GIVEN RECORDS Start Marker

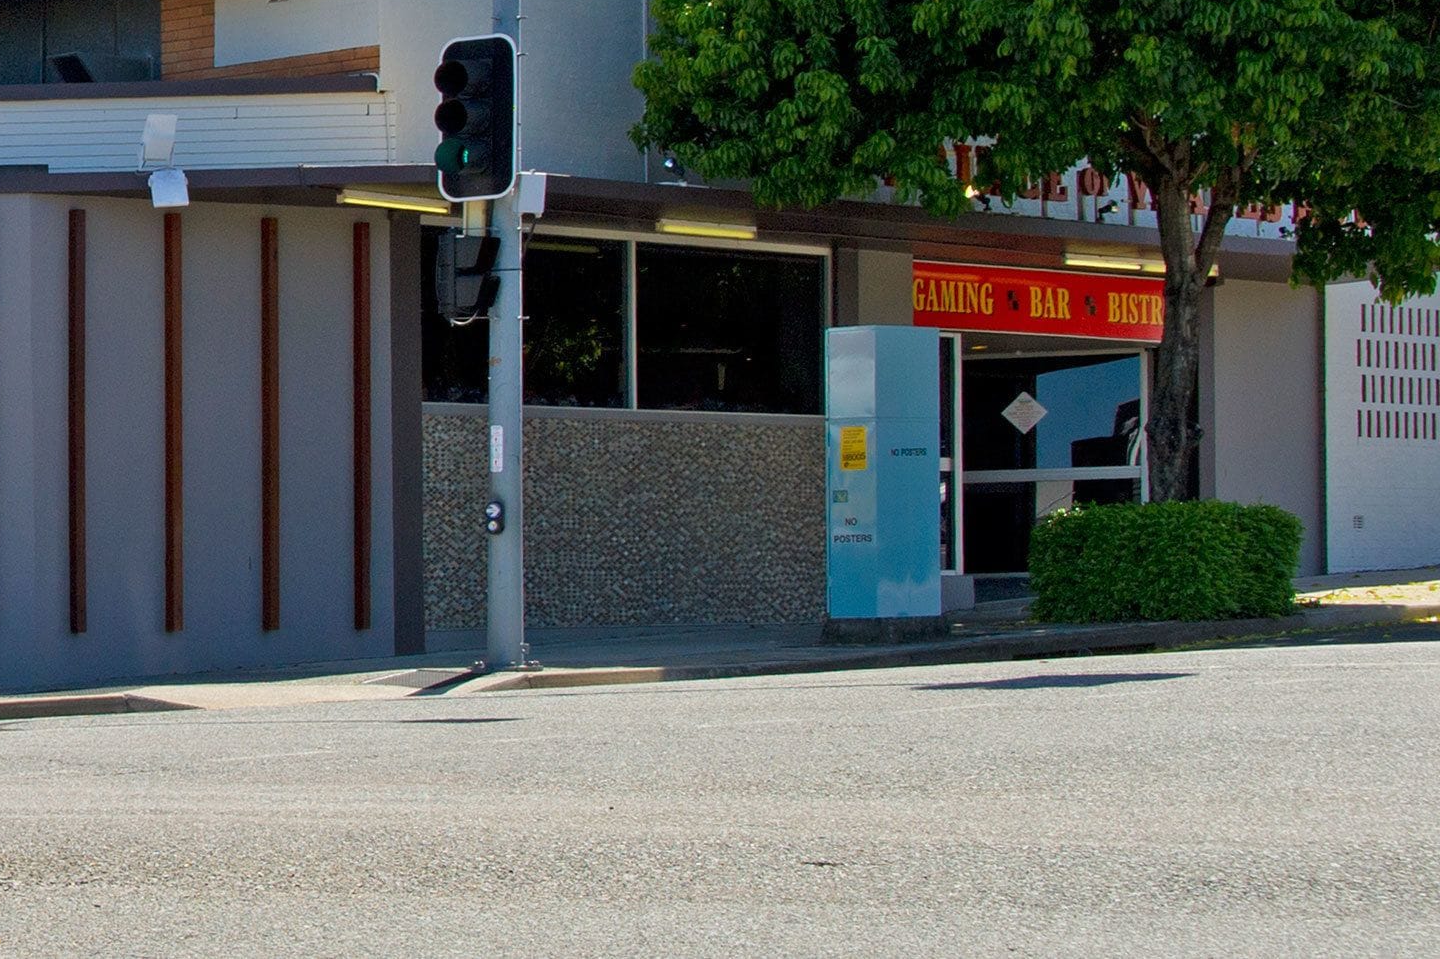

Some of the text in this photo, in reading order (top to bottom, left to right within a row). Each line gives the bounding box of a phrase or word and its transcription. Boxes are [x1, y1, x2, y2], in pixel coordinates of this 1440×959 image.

[912, 278, 1164, 326] GAMING BAR BISTR
[890, 447, 927, 457] NO POSTERS
[844, 517, 857, 526] NO
[833, 533, 872, 543] POSTERS
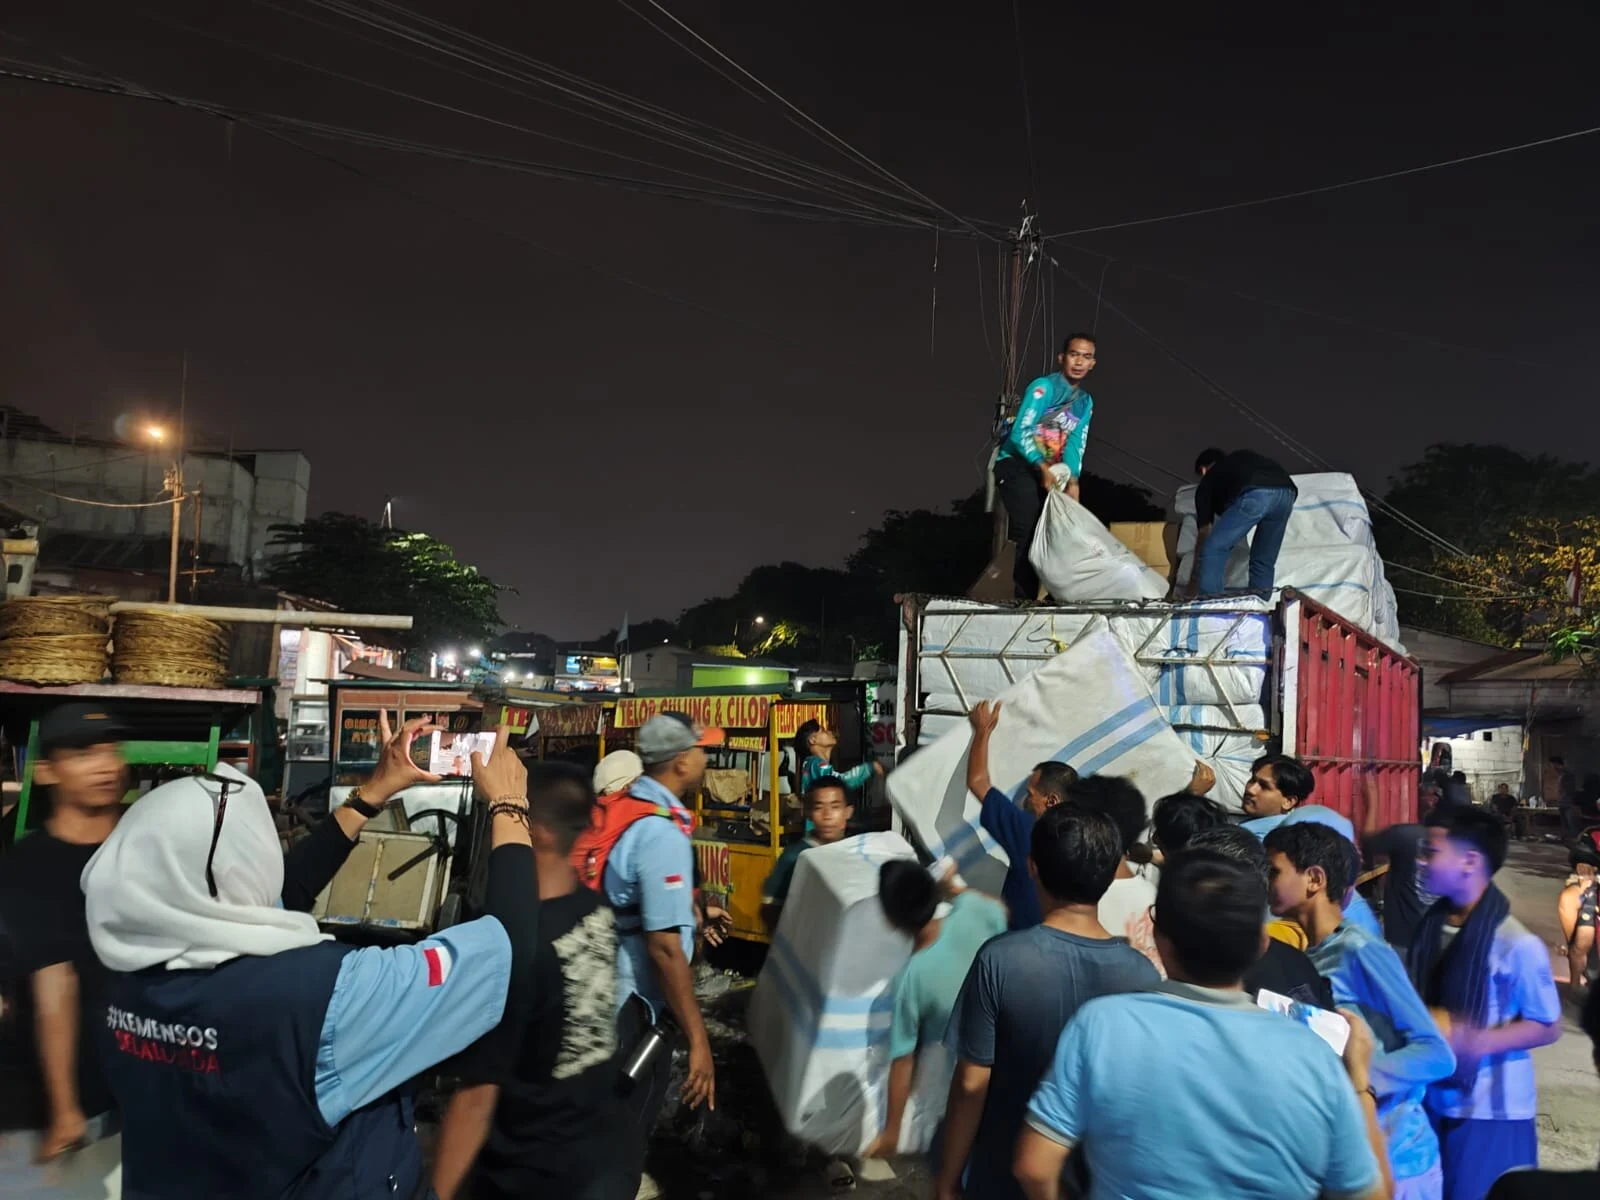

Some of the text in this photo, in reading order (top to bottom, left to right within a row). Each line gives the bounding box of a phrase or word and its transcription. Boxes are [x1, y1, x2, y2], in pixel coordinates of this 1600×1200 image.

[714, 698, 722, 726] &
[726, 696, 768, 727] CILOR
[871, 700, 894, 716] Teh
[106, 1004, 218, 1050] #KEMENSOS
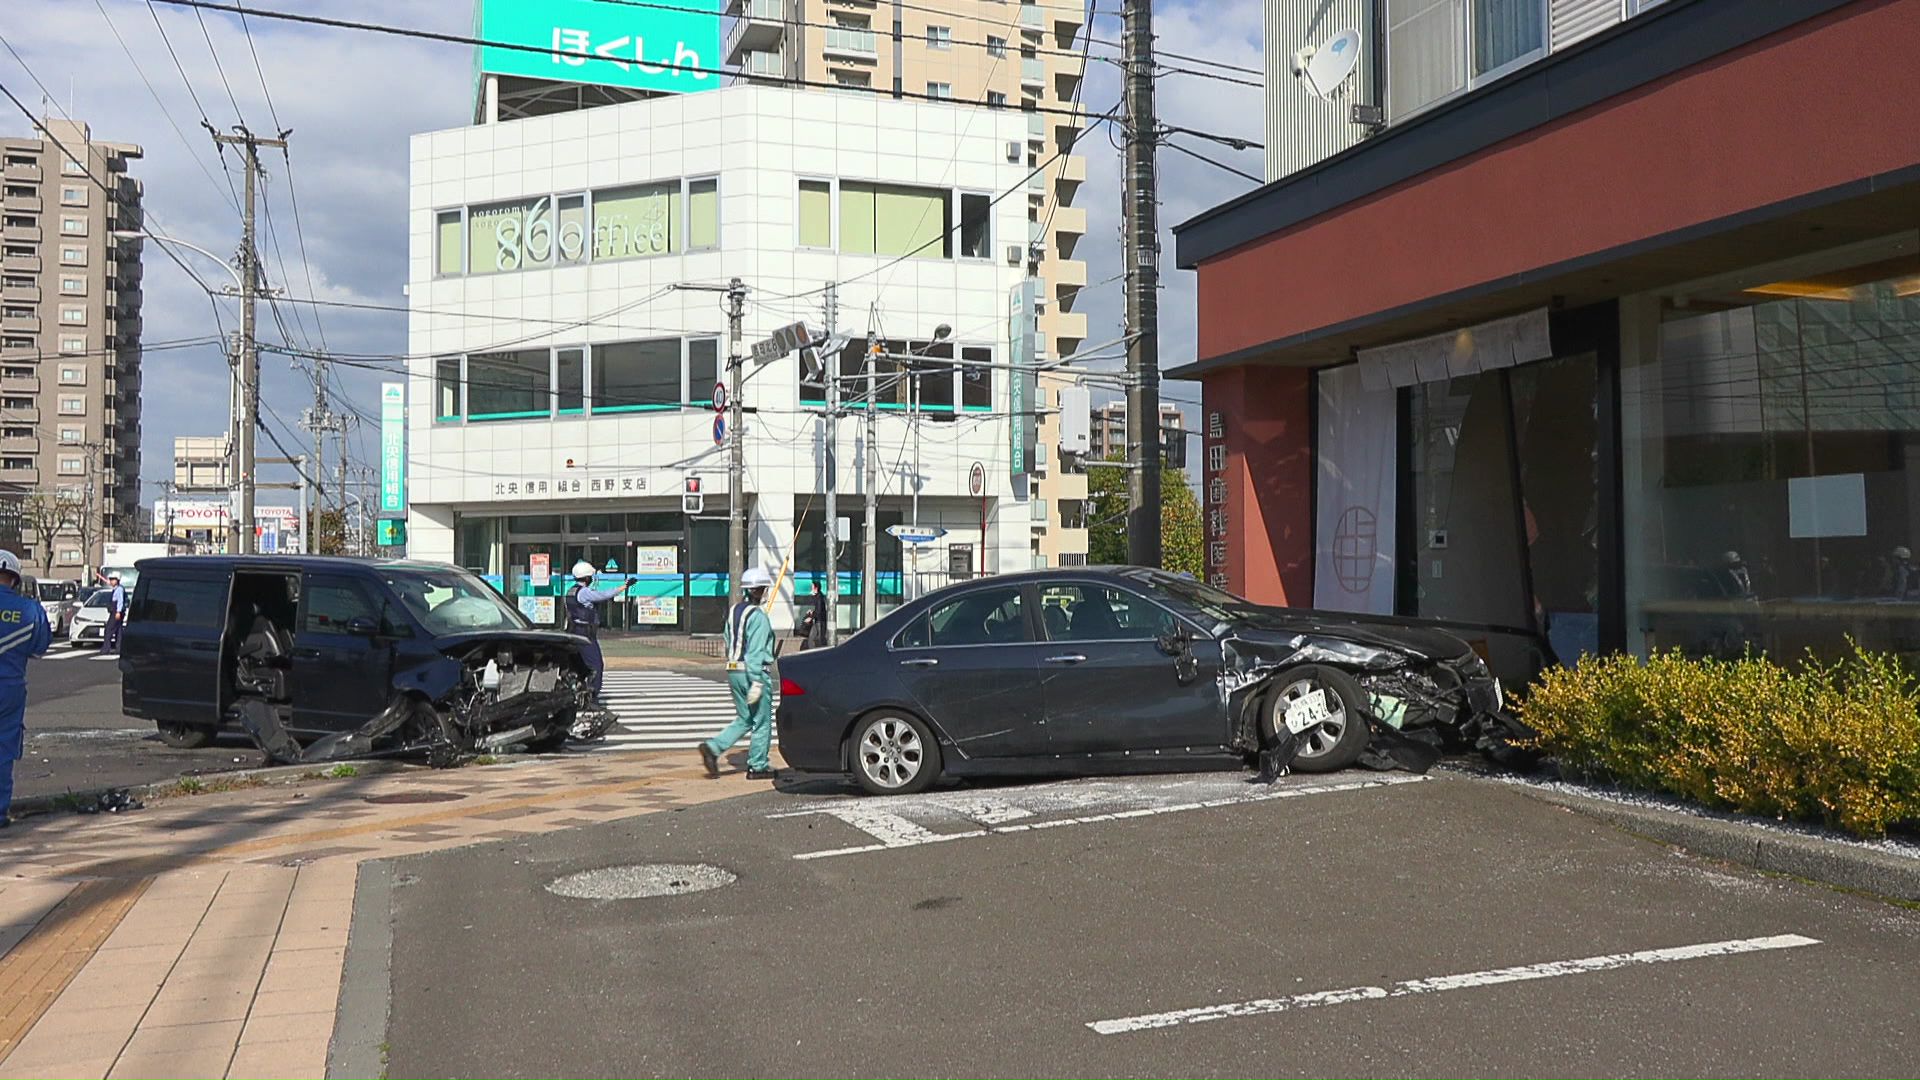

GIVEN RECORDS End Marker

__EXERCISE GOAL__: What you need to retype is every line from the one that has "this 1600×1200 image." through the last line of the listing, both included, with the pictures left out.

__RESULT OF THIS EXERCISE__:
Some of the text in this photo, in reading order (top to bottom, left to right within a row). Each line gives the bounding box of a phrase or word and its transcription. Boxes are [x1, y1, x2, y2], in pixel coordinates of this 1600×1200 image.

[714, 698, 722, 726] &
[726, 696, 768, 727] CILOR
[871, 700, 894, 716] Teh
[106, 1004, 218, 1050] #KEMENSOS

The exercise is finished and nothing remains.